Stored data

-- -- --

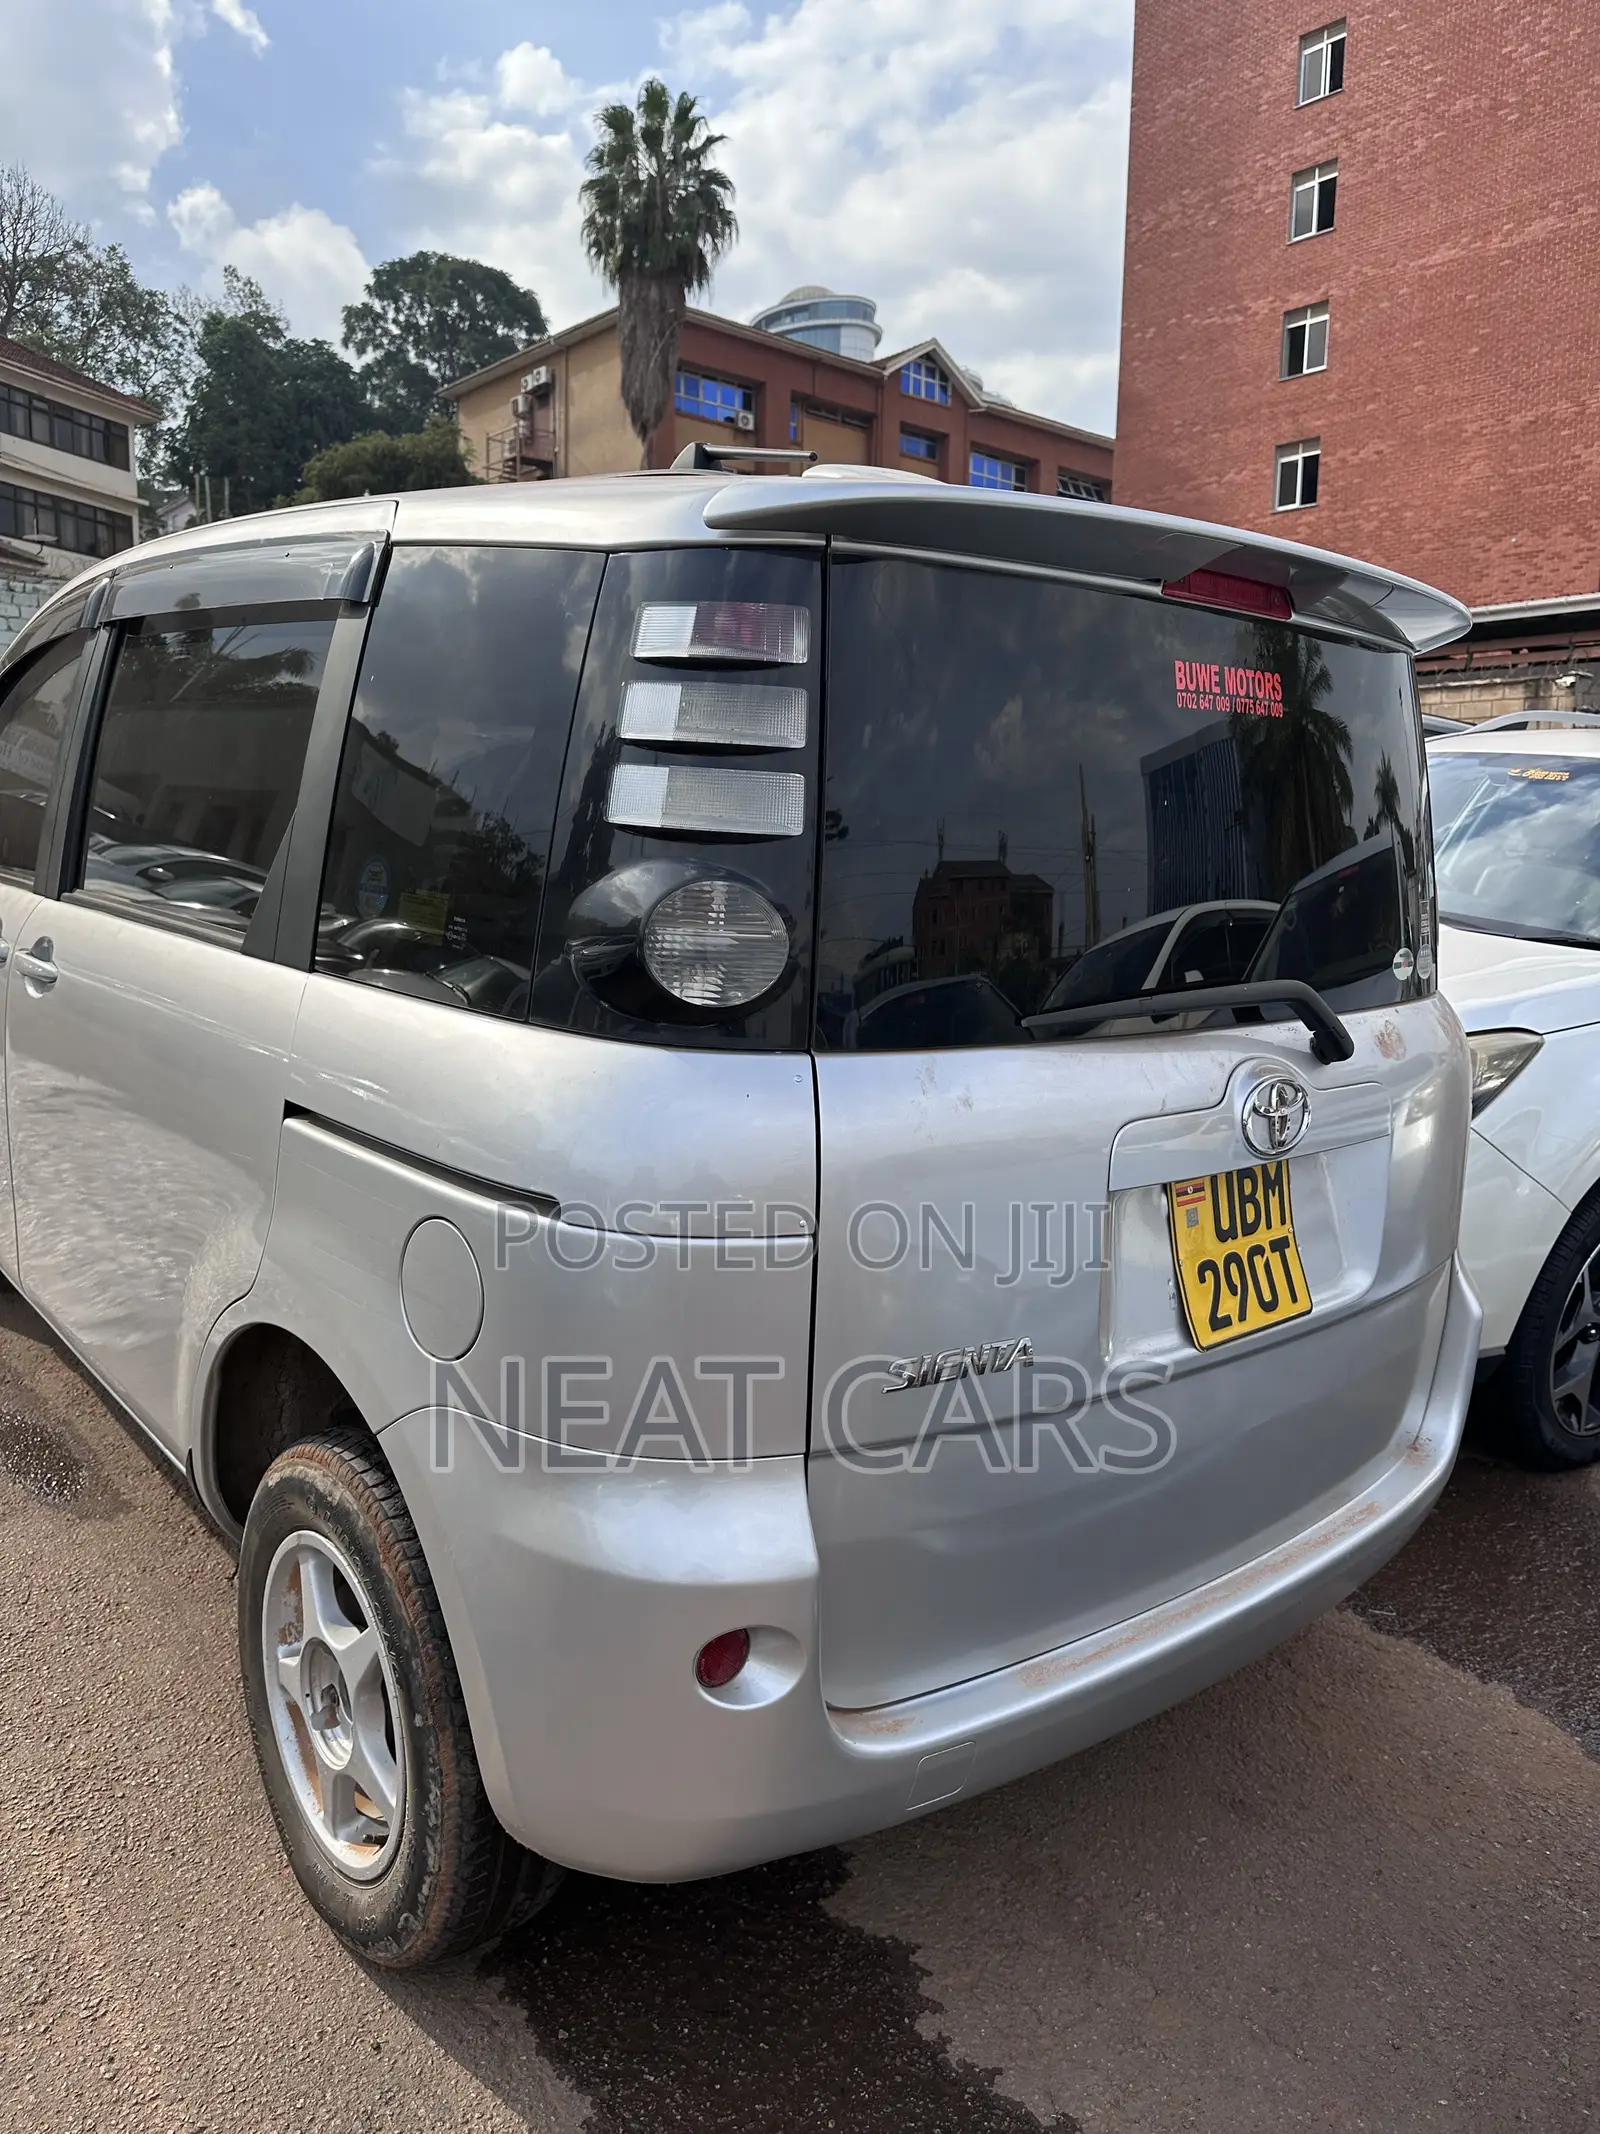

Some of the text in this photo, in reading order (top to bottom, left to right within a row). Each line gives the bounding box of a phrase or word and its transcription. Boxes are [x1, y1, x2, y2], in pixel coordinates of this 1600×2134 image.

[1174, 660, 1283, 702] BUWE MOTORS
[1176, 692, 1198, 709] 0702
[1199, 694, 1214, 710] 647
[1215, 697, 1231, 712] 009
[1236, 698, 1255, 715] 0775
[1255, 701, 1269, 716] 647
[1270, 702, 1284, 718] 009
[1210, 1160, 1287, 1243] UBM
[1197, 1235, 1299, 1332] 290T
[881, 1336, 1034, 1394] SIENTA
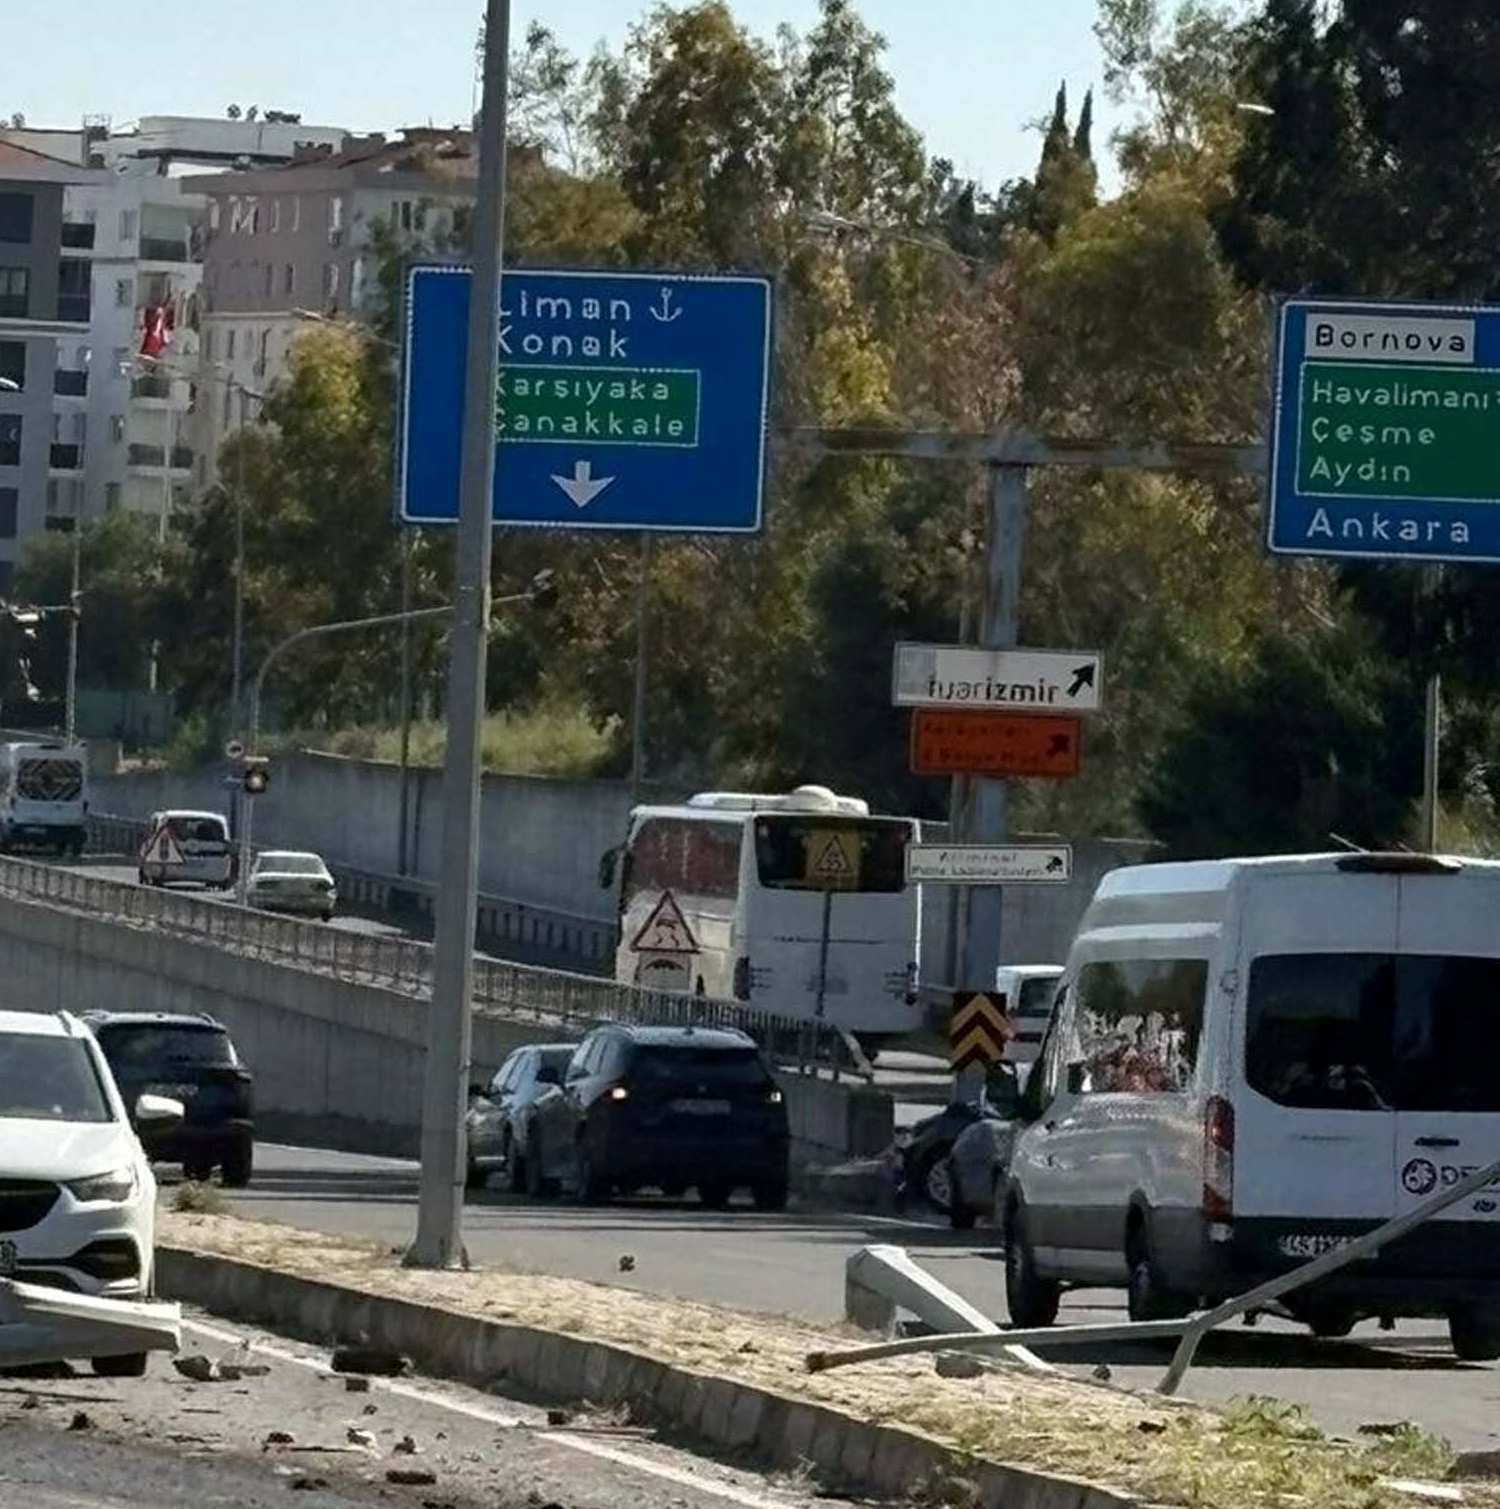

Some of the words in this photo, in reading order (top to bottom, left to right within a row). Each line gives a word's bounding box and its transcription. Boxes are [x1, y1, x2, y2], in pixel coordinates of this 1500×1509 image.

-- -- --

= Your instructions =
Return every entry above exactly. Pictures stay out.

= Result for this exercise =
Some of the text in this photo, in reading order (top to bottom, left to right within a row). Each line gives the bounding box of a phrase or word and its transcription. Boxes are [x1, y1, x2, y2], in pixel coordinates of this 1600×2134 image.

[1174, 660, 1283, 702] BUWE MOTORS
[1176, 692, 1198, 709] 0702
[1199, 694, 1214, 710] 647
[1215, 697, 1231, 712] 009
[1236, 698, 1255, 715] 0775
[1255, 701, 1269, 716] 647
[1270, 702, 1284, 718] 009
[1210, 1160, 1287, 1243] UBM
[1197, 1235, 1299, 1332] 290T
[881, 1336, 1034, 1394] SIENTA

Some of the words in this photo, in reading order (top to bottom, left to right within a row). Each line gives a word's bounding box and its transcription. Boxes are [x1, y1, x2, y2], in pixel coordinates of this 1500×1509 image.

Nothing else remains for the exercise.